Without including any pictures, reproduce the full listing exactly.

=== RECORDS SHOWN ===

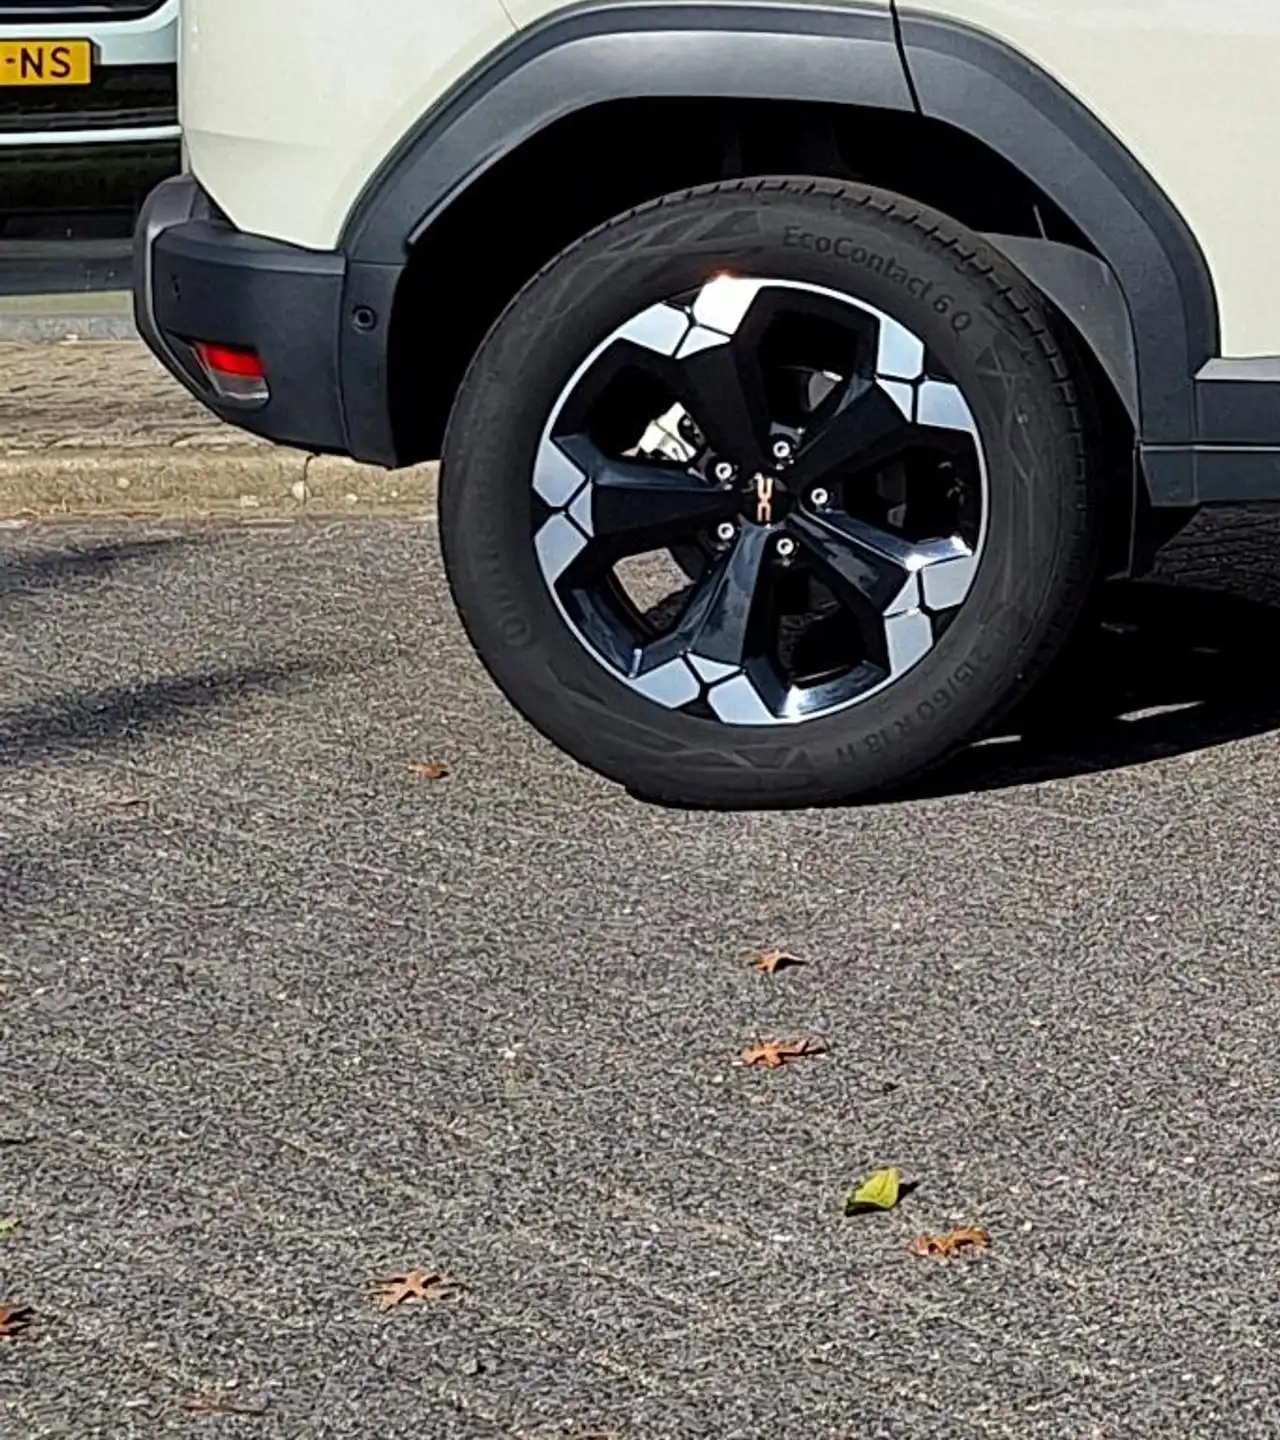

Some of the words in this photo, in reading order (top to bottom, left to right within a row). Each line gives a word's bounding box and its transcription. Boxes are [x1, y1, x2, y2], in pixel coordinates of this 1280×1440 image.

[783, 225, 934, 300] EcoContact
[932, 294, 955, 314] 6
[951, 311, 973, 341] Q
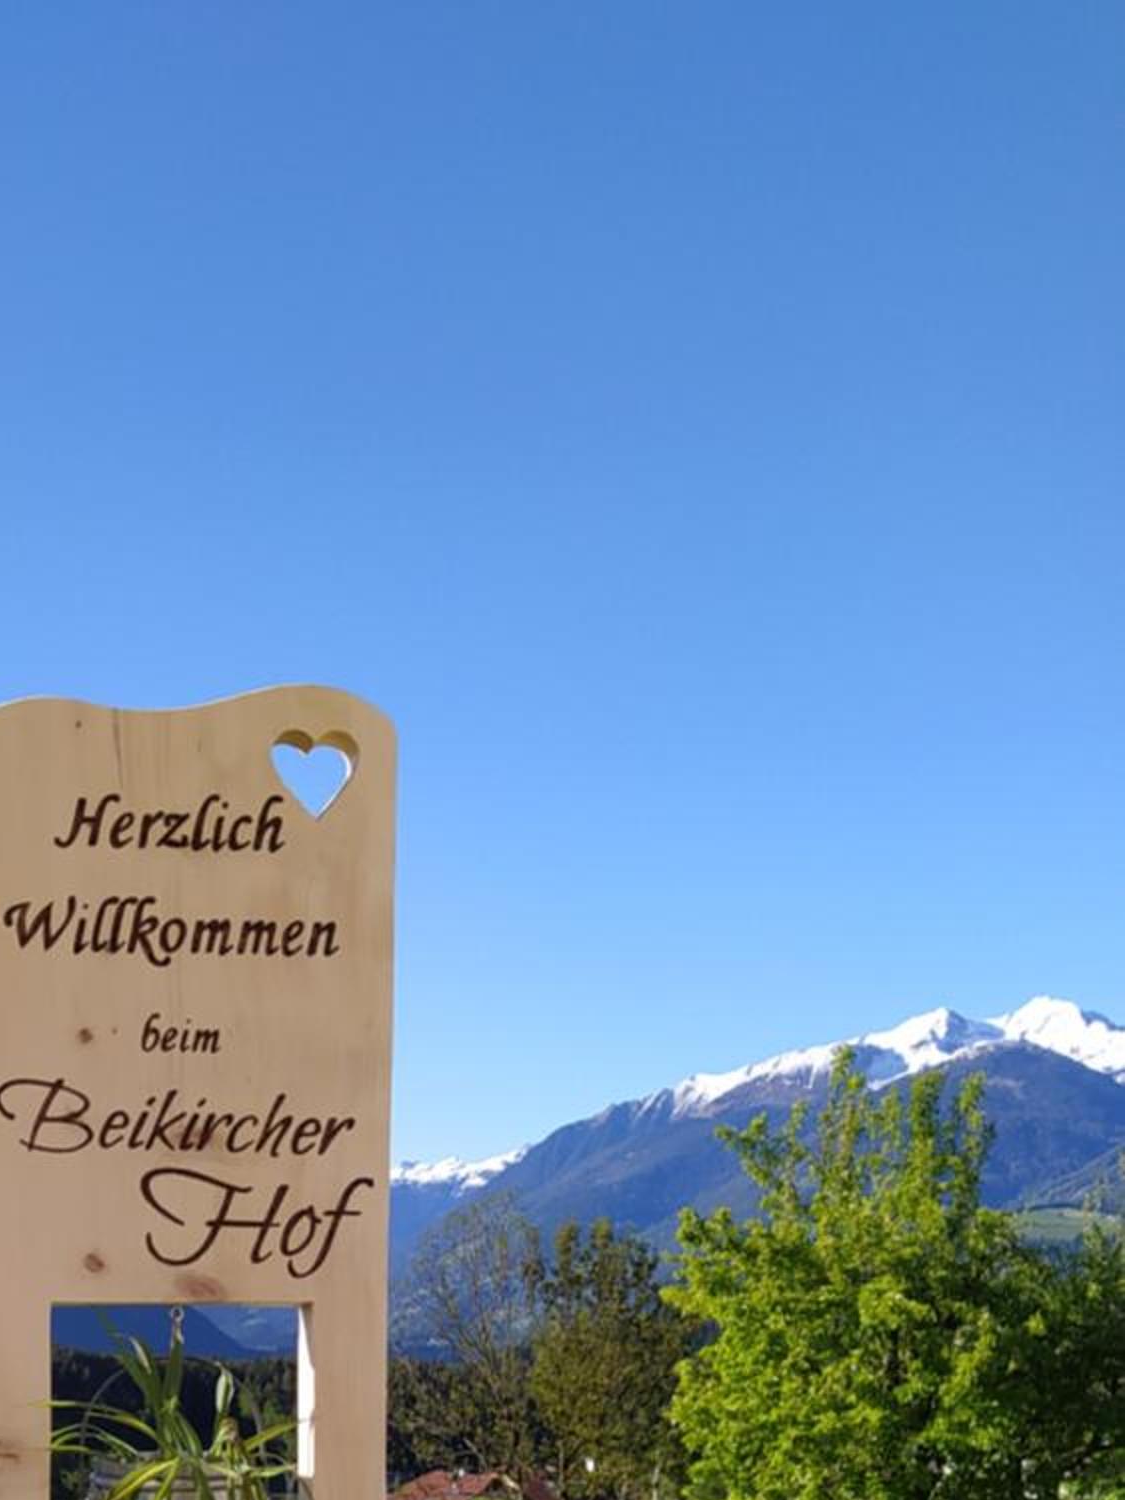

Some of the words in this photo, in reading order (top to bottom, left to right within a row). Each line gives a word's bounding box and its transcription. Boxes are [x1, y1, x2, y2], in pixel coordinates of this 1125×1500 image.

===

- [TASK ANSWER]
Some of the words in this photo, in reading order (top to bottom, left to right within a row). Each line gives a word's bounding box and its transcription. Boxes are [x1, y1, x2, y2], in pixel coordinates of this 1280×1440 image.

[783, 225, 934, 300] EcoContact
[932, 294, 955, 314] 6
[951, 311, 973, 341] Q

Some of the words in this photo, in reading order (top to bottom, left to right within a row). Each line gives a word's bounding box and its transcription. Boxes are [x1, y1, x2, y2], in pixel coordinates of this 1125×1500 image.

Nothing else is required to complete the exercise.